GEN Edge: Why was Dyadic able to successfully develop C1?

Emalfarb: One of the benefits of C1 and the several hundred million dollars spent in the industrial biotech sector before we started moving into pharma is that we learned how to engineer it. We learned how to grow it and program it. We learned how to take genes and put them in a site-specific integration—one gene, one copy, same site, reproducible product, and high productivity.

If you take one gene and put it in one spot within seven weeks, we have a stable cell line that can be put into cGMP manufacturing. We can get there very rapidly. But just as importantly, with our cell line we can make billions of doses in a month. If mRNA wants to brag about what they can do it in six weeks and it takes us seven, I think we make up for lost time on the productivity side.

It should have anticipated this was going to be the case when you bring the power of industrial biotech, where we pump out massive amounts of things, compared to pharma, which does small amounts of expensive things too slowly, too expensively.
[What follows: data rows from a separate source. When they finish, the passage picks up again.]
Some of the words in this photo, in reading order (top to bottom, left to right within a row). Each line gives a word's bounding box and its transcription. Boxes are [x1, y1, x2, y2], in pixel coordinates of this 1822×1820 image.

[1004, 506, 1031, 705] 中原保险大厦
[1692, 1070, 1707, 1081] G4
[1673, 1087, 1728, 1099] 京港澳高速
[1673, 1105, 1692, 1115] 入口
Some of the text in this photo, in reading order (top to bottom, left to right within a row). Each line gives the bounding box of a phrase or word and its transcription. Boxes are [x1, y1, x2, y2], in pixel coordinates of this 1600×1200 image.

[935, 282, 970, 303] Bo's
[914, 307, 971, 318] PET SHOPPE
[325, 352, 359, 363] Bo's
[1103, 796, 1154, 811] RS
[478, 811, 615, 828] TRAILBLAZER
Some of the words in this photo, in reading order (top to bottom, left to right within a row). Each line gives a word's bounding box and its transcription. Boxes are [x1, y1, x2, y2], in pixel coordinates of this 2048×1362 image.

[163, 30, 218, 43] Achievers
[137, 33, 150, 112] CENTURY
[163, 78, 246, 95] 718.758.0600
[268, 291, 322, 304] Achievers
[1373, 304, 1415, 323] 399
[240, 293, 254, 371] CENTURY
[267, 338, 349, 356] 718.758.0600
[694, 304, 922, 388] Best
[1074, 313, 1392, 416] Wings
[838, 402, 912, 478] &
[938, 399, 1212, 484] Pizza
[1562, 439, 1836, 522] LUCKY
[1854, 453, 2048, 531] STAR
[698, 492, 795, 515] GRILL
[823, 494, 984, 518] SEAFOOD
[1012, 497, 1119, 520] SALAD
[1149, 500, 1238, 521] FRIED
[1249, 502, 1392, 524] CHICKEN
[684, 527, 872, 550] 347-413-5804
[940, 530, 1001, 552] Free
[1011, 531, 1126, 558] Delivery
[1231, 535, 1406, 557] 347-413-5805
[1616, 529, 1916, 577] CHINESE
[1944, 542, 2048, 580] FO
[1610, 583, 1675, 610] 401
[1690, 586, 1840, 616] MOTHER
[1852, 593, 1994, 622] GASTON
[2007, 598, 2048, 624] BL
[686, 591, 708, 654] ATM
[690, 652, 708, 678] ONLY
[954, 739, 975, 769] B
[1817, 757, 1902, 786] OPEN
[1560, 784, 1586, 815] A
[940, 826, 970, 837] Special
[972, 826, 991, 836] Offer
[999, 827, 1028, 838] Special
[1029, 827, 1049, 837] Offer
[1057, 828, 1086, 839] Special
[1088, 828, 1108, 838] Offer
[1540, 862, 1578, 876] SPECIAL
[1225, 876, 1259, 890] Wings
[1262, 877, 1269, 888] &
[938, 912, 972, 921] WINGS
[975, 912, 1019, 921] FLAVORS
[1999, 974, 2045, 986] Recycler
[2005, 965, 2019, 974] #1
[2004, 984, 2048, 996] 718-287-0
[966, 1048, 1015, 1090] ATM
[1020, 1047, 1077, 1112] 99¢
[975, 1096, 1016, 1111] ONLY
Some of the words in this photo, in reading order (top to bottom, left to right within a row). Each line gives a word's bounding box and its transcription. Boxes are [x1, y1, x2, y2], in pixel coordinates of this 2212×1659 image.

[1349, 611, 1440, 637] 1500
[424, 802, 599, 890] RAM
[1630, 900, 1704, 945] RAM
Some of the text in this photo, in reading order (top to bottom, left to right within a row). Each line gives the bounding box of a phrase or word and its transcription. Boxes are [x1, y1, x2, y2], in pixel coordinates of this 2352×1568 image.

It was obvious with synthetic biology that when you engineer a more efficient cell line, we were going to get to where we are today.

GEN Edge: How could C1 help address the world’s need for COVID-19 vaccines and drugs?

Emalfarb: Every day, people are complaining about people getting access to vaccines. And we had the answer, so we were ready. The Europeans got ready. We got ready with them and with the Israelis as well.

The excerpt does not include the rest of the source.